**Task brief**: Retype the data below verbatim; pictures do not belong in the copy.

**Source information**:
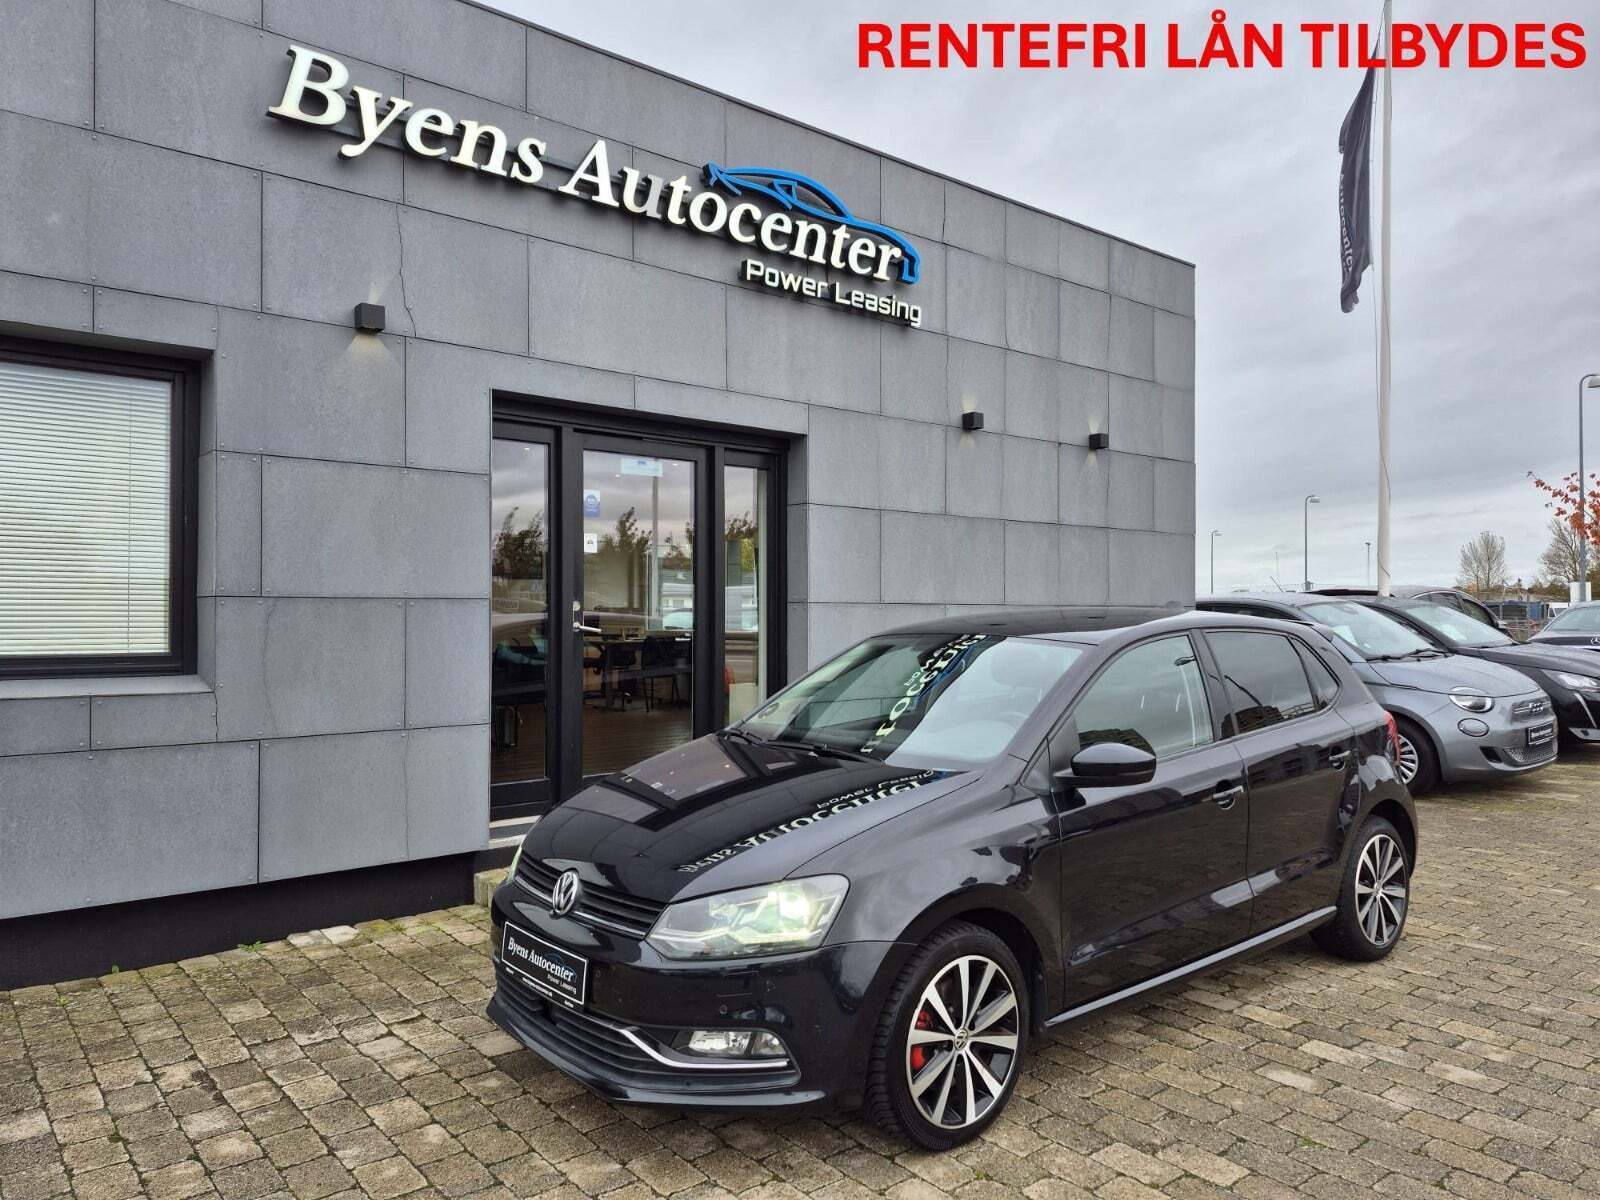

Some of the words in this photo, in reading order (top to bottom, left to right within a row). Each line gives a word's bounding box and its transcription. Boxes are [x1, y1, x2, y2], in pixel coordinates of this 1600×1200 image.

[267, 44, 547, 184] Byens
[558, 139, 902, 282] Autocenter
[745, 258, 829, 298] Power
[835, 281, 922, 328] Leasing
[508, 936, 529, 959] Byens
[527, 949, 574, 982] Autocenter

**Output**:
Some of the words in this photo, in reading order (top to bottom, left to right within a row). Each line gives a word's bounding box and its transcription. Boxes are [x1, y1, x2, y2], in pixel coordinates of this 1600×1200 image.

[267, 44, 547, 184] Byens
[558, 139, 902, 282] Autocenter
[745, 258, 829, 298] Power
[835, 281, 922, 328] Leasing
[508, 936, 529, 959] Byens
[527, 949, 574, 982] Autocenter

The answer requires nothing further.